When Trudi the robot is plugged in and armed, it sounds more like a space shuttle launch system than a germ-killing machine.
"Disinfecting will commence in 15 seconds; please leave the room," Trudi — as staff at Vancouver General Hospital have named it — calls out in a digital monotone from inside a treatment room.
"Disinfecting process started," it continues, as its thin, vertical bulbs blast out powerful ultraviolet rays, killing germs and viruses that might be lurking nearby.
The hospital is the first facility in Canada to use Trudi — whose formal name is Tru-D SmartUVC — as health officials across the country look for ways to protect vulnerable patients from catching potentially deadly bugs such as norovirus and C. difficile.
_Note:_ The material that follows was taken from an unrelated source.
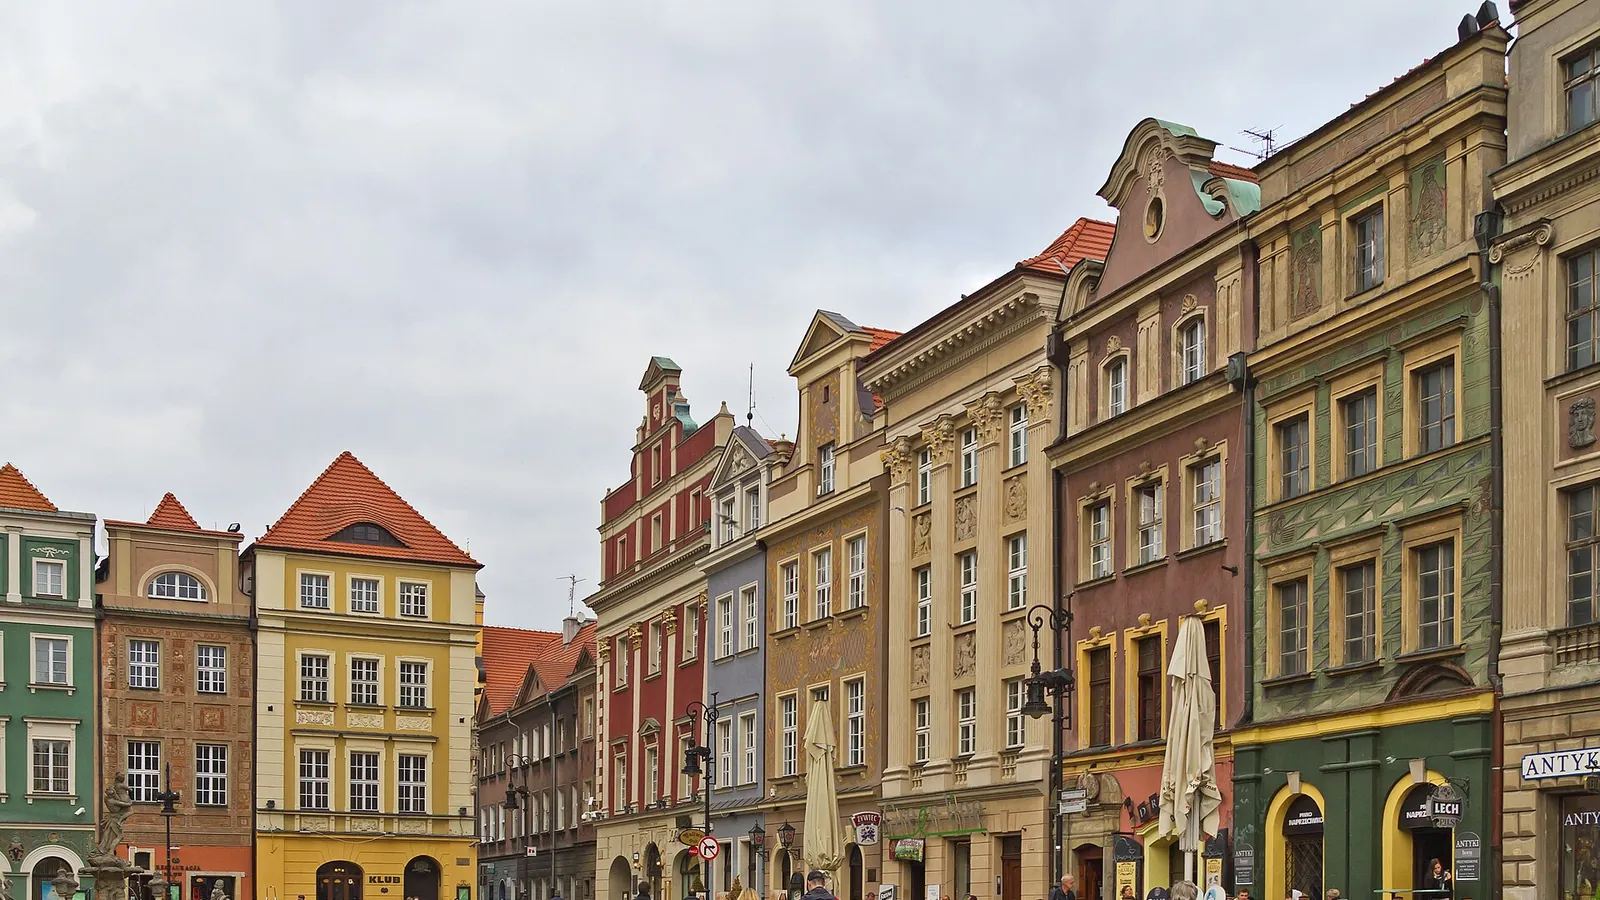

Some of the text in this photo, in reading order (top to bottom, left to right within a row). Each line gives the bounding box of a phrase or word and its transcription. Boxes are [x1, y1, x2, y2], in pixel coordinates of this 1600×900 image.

[1434, 802, 1459, 814] LECH
[1406, 811, 1427, 819] NAPRZ
[1456, 840, 1479, 848] ANTYKI
[368, 876, 401, 884] KLUB
Health officials in British Columbia have started a pilot project that will see Tru-D and a similar device each tested for five months to determine whether the technology should be used permanently in health-care facilities across the province.
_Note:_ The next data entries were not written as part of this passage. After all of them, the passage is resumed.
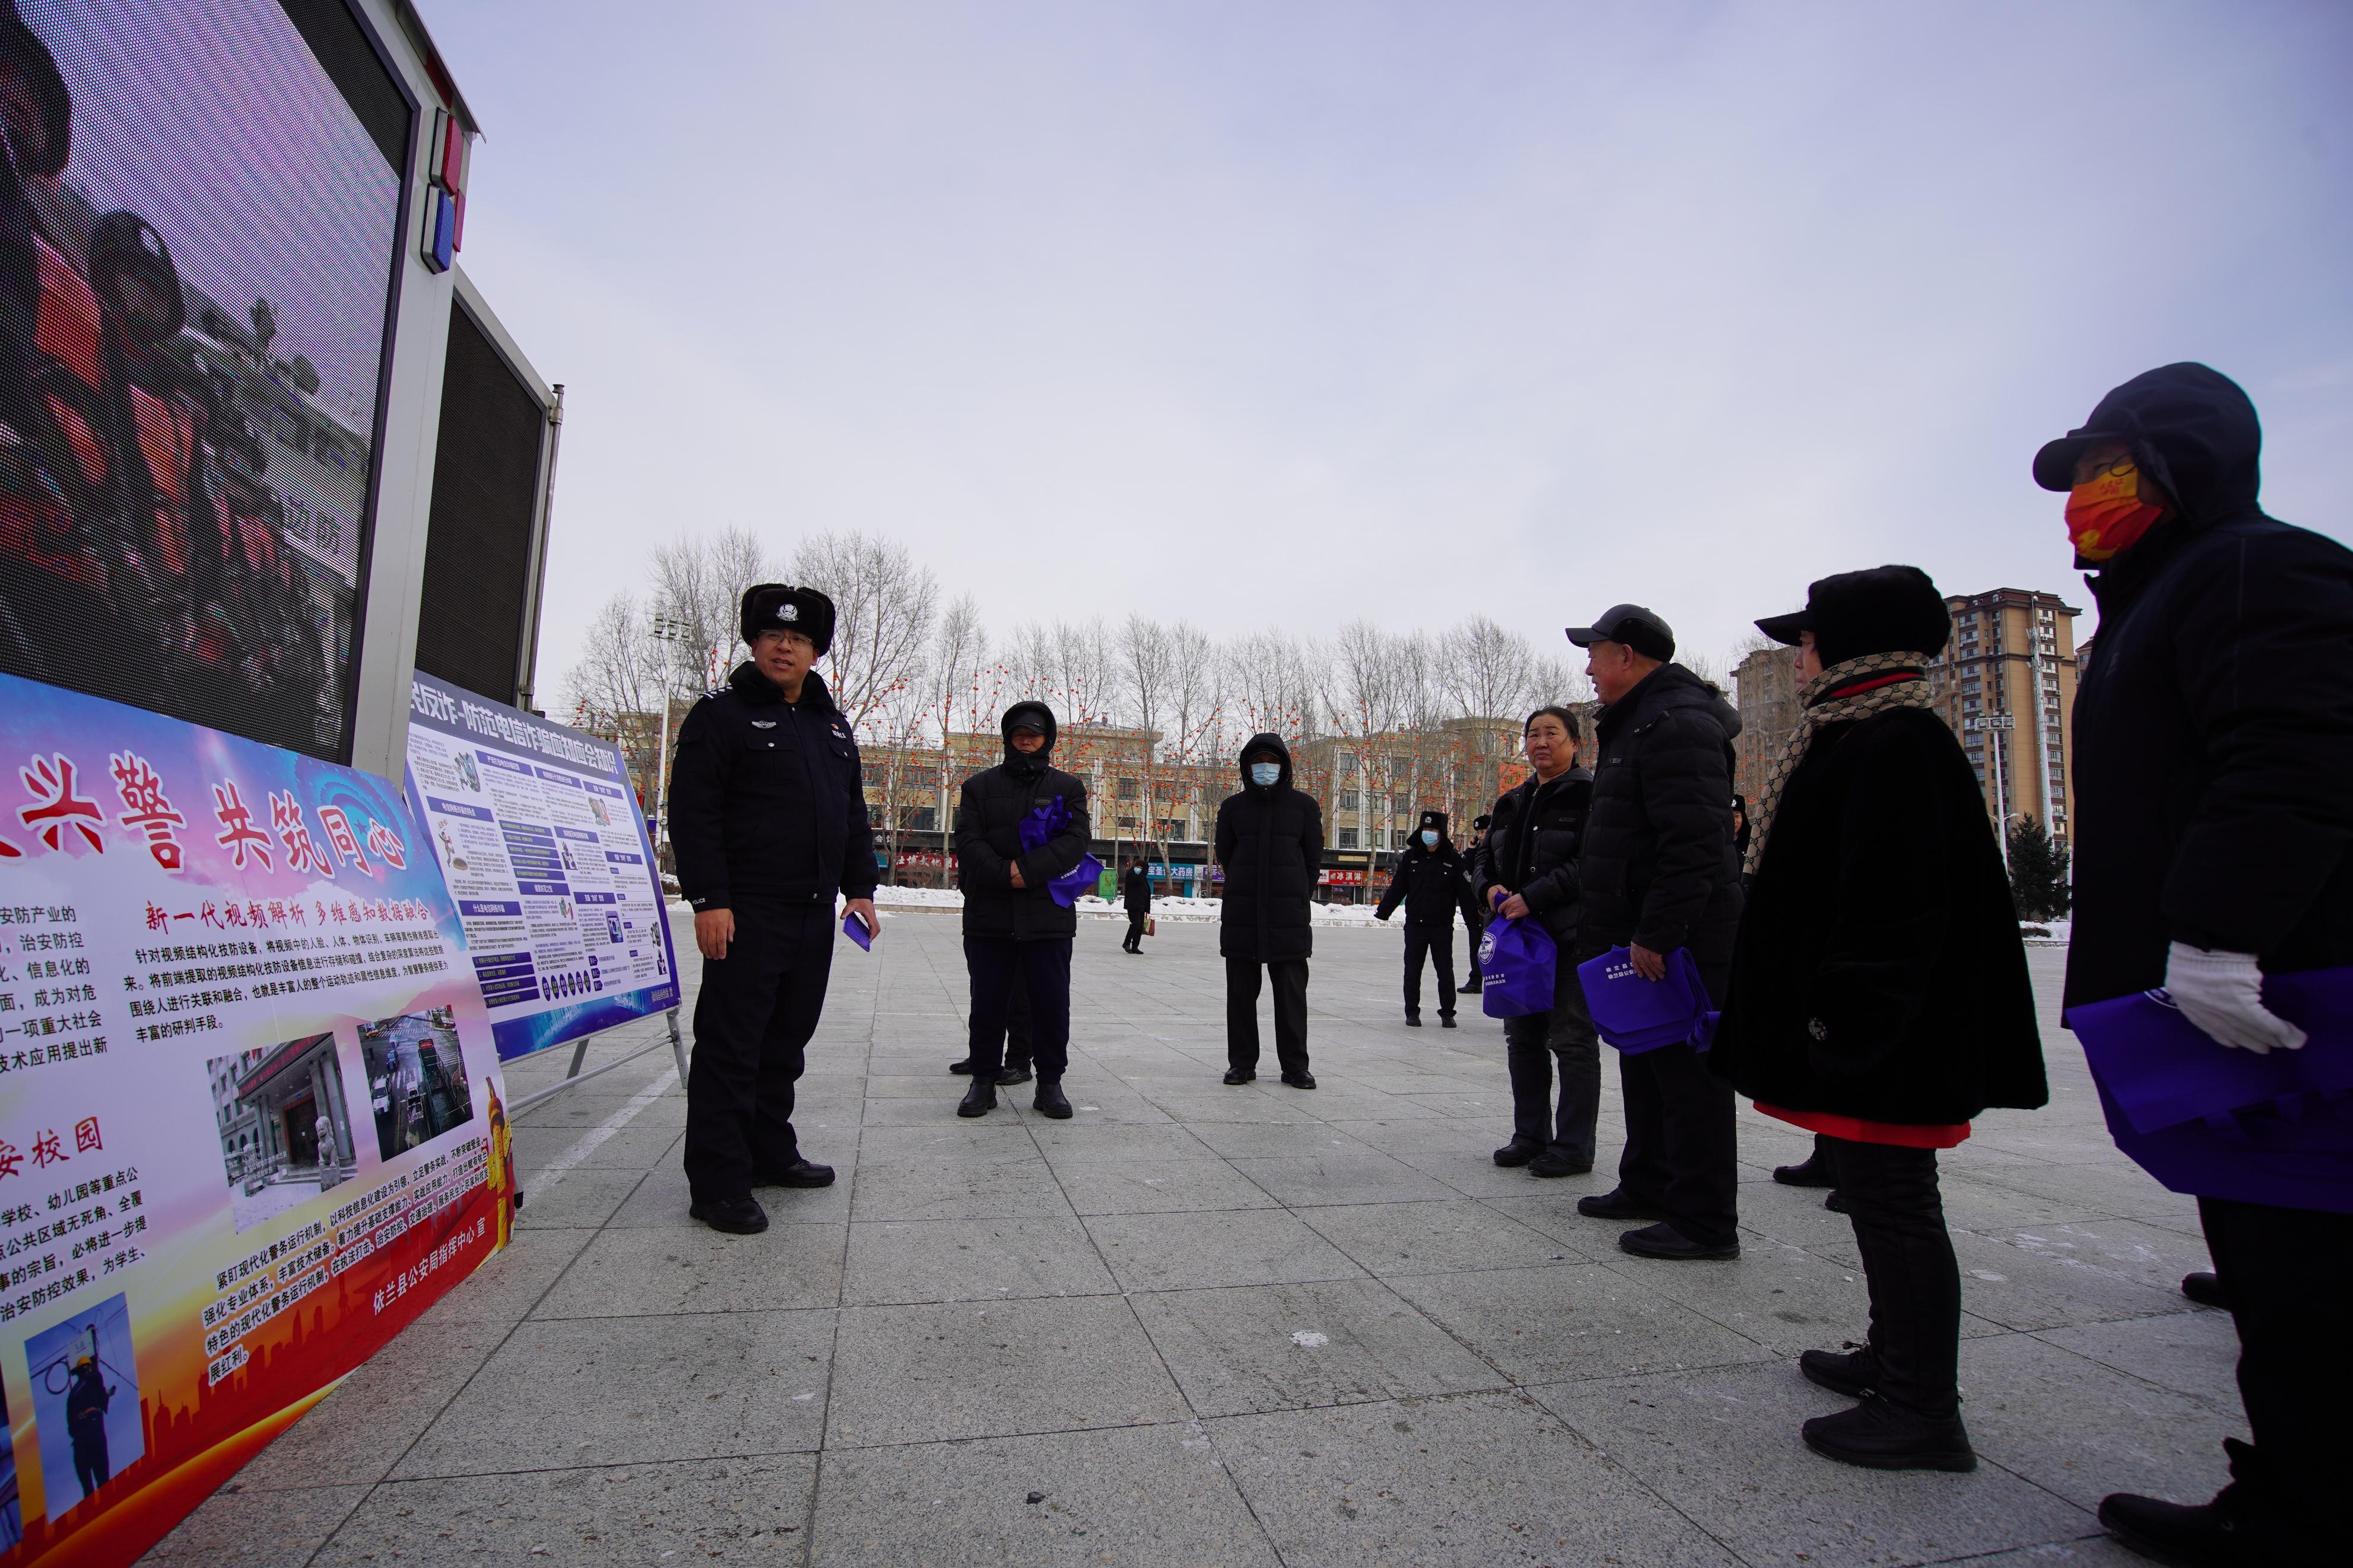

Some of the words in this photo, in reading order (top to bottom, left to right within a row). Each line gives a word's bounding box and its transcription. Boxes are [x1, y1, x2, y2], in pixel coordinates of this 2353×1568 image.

[0, 750, 186, 873] 兴警
[214, 777, 406, 879] 共筑同心
[1336, 872, 1361, 881] 冰淇淋
[0, 906, 77, 924] 安防产业的
[145, 899, 306, 935] 新一代视频解析
[315, 897, 430, 925] 多维感知数据融合
[0, 931, 84, 954] ，治安防控
[1608, 969, 1636, 979] 依兰县公安
[0, 984, 97, 1012] 面，成为对危
[0, 1010, 102, 1043] 一项重大社会
[135, 1015, 223, 1043] 丰富的研判手段。
[0, 1166, 138, 1227] 学校、幼儿园等重点公
[373, 1226, 474, 1316] 依兰县公安局指挥中心
[477, 1217, 485, 1238] 宣
[1, 1246, 145, 1322] 治安防控效果，为学生、
[209, 1347, 248, 1383] 展红利。
"We've been very impressed with the almost complete eradication of organisms, even when we take it to high concentrations," Dr. Elizabeth Bryce, the medical director for infection control at Vancouver Coastal Health, said after a demonstration of the device on Friday.
"We hope it will decrease the rates of hospital-acquired organisms like superbugs."
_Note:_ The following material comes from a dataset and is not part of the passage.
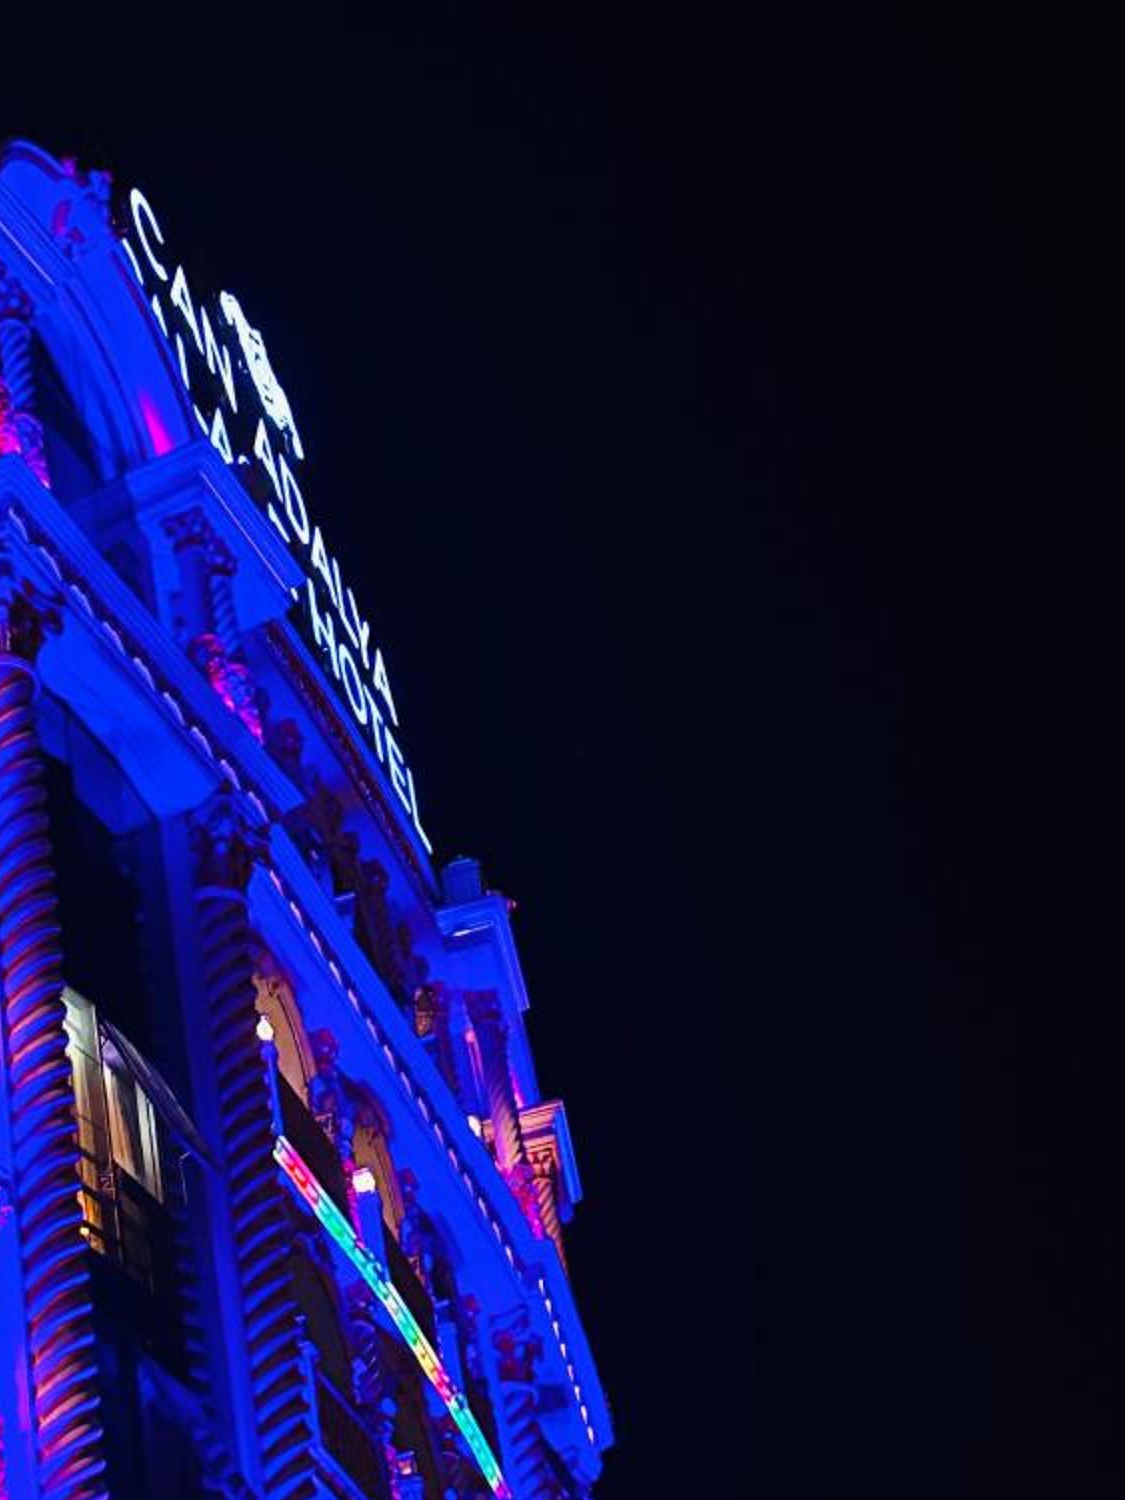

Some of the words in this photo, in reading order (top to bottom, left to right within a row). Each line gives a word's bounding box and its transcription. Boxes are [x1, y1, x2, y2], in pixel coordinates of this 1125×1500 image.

[130, 188, 237, 412] CAN
[253, 418, 399, 726] ADALYA
[307, 578, 432, 853] HOTEL
The Tru-D device is 1.65 metres tall with long bulbs running vertically up a round, clear shaft — think R2-D2 from "Star Wars" instead of Rosie from "The Jetsons." It can't move on its own and must be manually wheeled from room to room.
A large sensor on the top of the device measures reflections from the UV light to determine the size of the room and how much exposure will be required to disinfect it. The process can take anywhere from 15 minutes to an hour.
It must be used in an empty room that has already been cleaned by hospital staff, said Bryce, providing an extra layer of disinfection rather than replacing existing cleaning.